Ich habe dann auf die gebrauchte Bettwäsche gezeigt, die auf dem Fußboden lag und weggeräumt werden konnte (im Doppelzimmer sieht man ja nicht gleich, ob da ein Satz Bettwäsche liegt oder zwei). Irgendwann habe ich ihr erzählt, dass ich doch schon wieder Pläne schmiede, was ich alles nach der Entlassung machen möchte. Und mit ein paar flotten Sprüchen auf den Lippen konnte ich die Krankenschwester dann beruhigen. Um mich brauchte sie sich keine unnötigen Sorgen machen. Ich hatte schon wieder so viele Flausen im Kopf, da konnte nichts schief gehen. 

Und so konnte ich nach 10 Tagen wieder nach Hause gehen. Die Blutwerte hatten sich stabilisiert, mir ging es soweit gut. Eine kleine Abwehrreaktion ( GvHD =  Graft versus Host Disease - eine Abwehrreaktion der Spenderzellen gegen den Körper des Empfängers) zeigte sich in Form eines Hautausschlags, aber das hatten die Ärzte schnell im Griff. 

 

Von meinem Spender durfte ich vorläufig nur erfahren, dass es ein Mann war und dass er eine andere Blutgruppe als ich hatte. Und ich die natürlich nun übernommen habe, weil seine Zellen künftig mein Blut bilden. Kennenlernen darf ich ihn erst in 2 Jahren, falls er ebenfalls daran interessiert ist. Inzwischen treibe ich manchmal Schabernack mit Ärzten, die mich nicht genau kennen. Bei der Frage nach meiner Blutgruppe sage ich:"Früher war ich null Positiv, jetzt bin ich null Negativ." Und dann kommt regelmäßig ein "Nein, das kann nicht sein." - "Doch," sage ich dann, "mit Stammzelltransplantation geht das."

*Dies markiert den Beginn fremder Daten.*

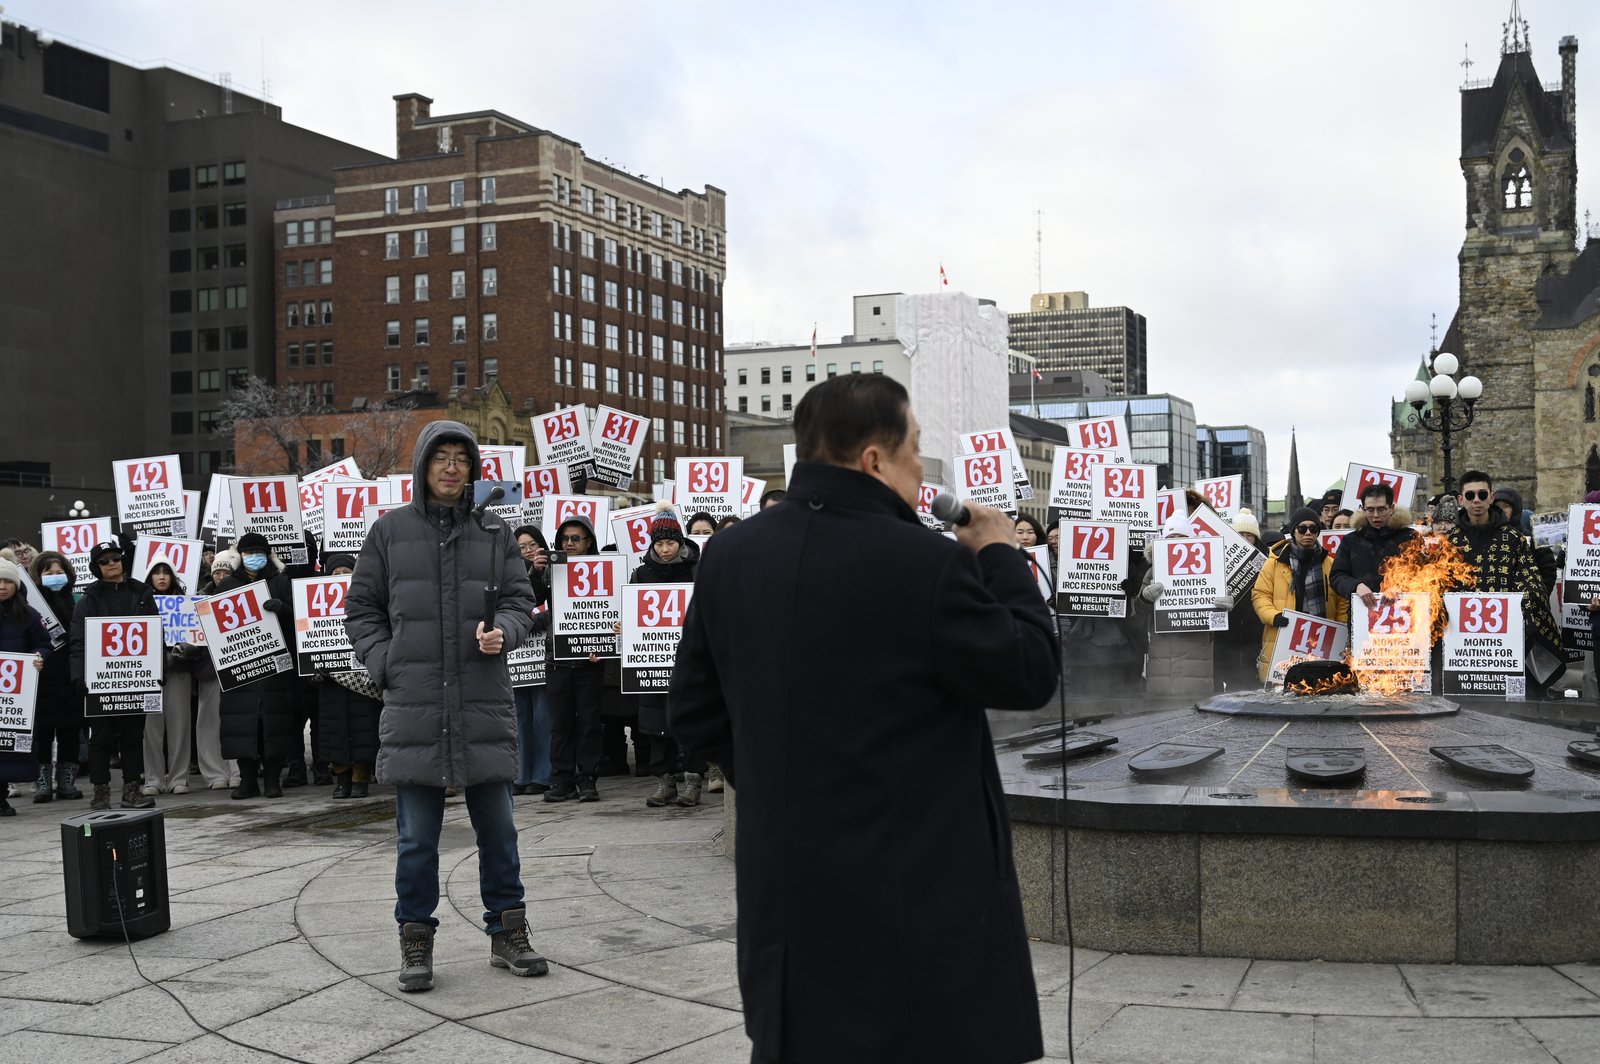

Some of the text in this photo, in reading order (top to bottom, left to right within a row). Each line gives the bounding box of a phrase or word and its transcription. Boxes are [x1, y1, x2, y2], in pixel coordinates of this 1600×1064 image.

[547, 414, 575, 443] 25
[607, 414, 632, 444] 31
[1084, 421, 1112, 449] 19
[552, 440, 578, 452] MONTHS
[601, 441, 627, 454] MONTHS
[547, 445, 586, 461] WAITING FOR
[593, 447, 618, 460] WAITING
[619, 454, 631, 463] FOR
[602, 456, 631, 471] RESPONSE
[969, 456, 997, 486] 63
[133, 463, 164, 490] 42
[597, 473, 618, 485] RESULTS
[692, 462, 725, 492] 39
[527, 469, 554, 498] 19
[1066, 482, 1091, 490] MONTH
[1108, 468, 1141, 498] 34
[971, 486, 999, 496] MONTHS
[1058, 490, 1088, 498] WAITING
[1206, 482, 1228, 508] 33
[135, 492, 166, 502] MONTHS
[250, 482, 281, 513] 11
[692, 496, 724, 504] MONTHS
[994, 494, 1007, 502] FOR
[1053, 497, 1068, 505] IRCC
[128, 500, 175, 511] WAITING FOR
[342, 488, 369, 518] 71
[1108, 501, 1140, 510] MONTHS
[124, 507, 180, 520] IRCC RESPONSE
[523, 509, 542, 517] WAITI
[684, 505, 733, 513] WAITING FOR
[1101, 509, 1132, 518] WAITING
[251, 516, 284, 524] MONTHS
[133, 520, 171, 531] NO TIMELINE
[244, 524, 294, 533] WAITING FOR
[341, 521, 364, 530] MONT
[61, 524, 94, 554] 30
[333, 530, 365, 539] WAITING
[329, 540, 346, 548] IRCC
[1078, 527, 1109, 559] 72
[1226, 543, 1240, 558] FOR
[1172, 543, 1206, 575] 23
[1076, 563, 1110, 571] MONTHS
[1067, 572, 1118, 581] WAITING FOR
[1570, 568, 1590, 577] IRCC
[572, 562, 608, 597] 31
[1172, 578, 1207, 587] MONTHS
[1062, 581, 1121, 591] IRCC RESPONSE
[1164, 587, 1216, 597] WAITING FOR
[1231, 588, 1240, 598] NO
[154, 596, 185, 612] TOP
[312, 582, 345, 617] 42
[1160, 597, 1215, 606] IRCC RESPONS
[572, 600, 609, 610] MONTHS
[642, 590, 681, 627] 34
[1082, 604, 1109, 612] RESULTS
[218, 592, 257, 630] 31
[564, 610, 619, 621] WAITING FOR
[1373, 599, 1410, 633] 25
[1464, 598, 1503, 633] 33
[313, 618, 345, 628] MONTHS
[559, 621, 616, 631] IRCC RESPON
[1182, 619, 1210, 627] RESULTS
[1566, 617, 1583, 626] IRCC
[105, 622, 143, 656] 36
[226, 626, 261, 643] MONTHS
[306, 629, 339, 639] WAITING
[642, 632, 681, 641] MONTHS
[220, 632, 273, 655] WAITING FOR
[302, 638, 350, 649] IRCC RESPON
[568, 636, 616, 645] NO TIMELINES
[1295, 621, 1327, 658] 11
[1464, 638, 1503, 647] MONTHS
[583, 645, 613, 653] RESULTS
[632, 643, 670, 652] WAITING
[218, 640, 280, 666] IRCC RESPONSE
[311, 652, 351, 662] NO TIMELINE
[1454, 649, 1513, 657] WAITING FOR
[627, 654, 676, 663] IRCC RESPO
[1449, 659, 1518, 668] IRCC RESPONSE
[106, 660, 142, 669] MONTHS
[325, 659, 352, 669] RESULTS
[516, 663, 546, 673] TIMELINE
[97, 670, 151, 680] WAITING FOR
[231, 666, 242, 676] NO
[236, 664, 276, 682] NO RESULTS
[636, 670, 647, 678] NO
[91, 680, 156, 690] IRCC RESPONSE
[640, 679, 650, 687] NO
[1461, 682, 1506, 691] NO RESULTS
[111, 694, 144, 703] TIMELINE
[5, 707, 23, 716] FOR
[103, 702, 144, 711] NO RESULTS

Leider war mein Aufenthalt zu Hause nur von kurzer Dauer. Dienstags entlassen und am Freitag bekam ich einen so heftigen Durchfall (wiederum eine GvHD), dass ich wieder in Heidelberg einrücken musste. Spezialbehandlung: Hohe Cortisongaben, Medikamente, die das Immunsystem unterdrücken und Haferschleim.

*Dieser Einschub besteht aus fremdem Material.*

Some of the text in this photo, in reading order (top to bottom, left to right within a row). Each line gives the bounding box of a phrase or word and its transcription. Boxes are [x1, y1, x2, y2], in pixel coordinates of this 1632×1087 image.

Brrrr, ganz besonders lecker. Dann stellte ich aber fest, dass ich mir unter Haferschleim diese fürchterlich klebrig, zuckrige Masse vorstellte, die meine Schwiegermutter meinen Kinder oft gekocht hat. Der in Heidelberg war aber nicht süß. Schmelzflocken in Fleischbrühe gekocht, das konnte ich gut essen. Für mich war es das beste Essen, das ich in der ganzen Krankenhauszeit je erhalten habe. Nach einigen Tagen gab es dann noch Kartoffelbrei ohne Milch dazu. 

 

Und nach der nächsten Entlassung war alles okay. Unschön waren nur die vielen Medikamente, die ich danach lange Zeit einnehmen musste. Oft hatte ich das Gefühl, ich brauche 20 Medikamente, um die Nebenwirkungen der 3 wirklich Wichtigen zu behandeln. Beim Frühstück habe ich oft Scherze gemacht, dass ich nach der Medikamenteneinnahme kein Essen mehr brauche, weil ich jetzt schon satt bin. Und ohne genauen Plan hätte ich sicher regelmäßig die Hälfte vergessen.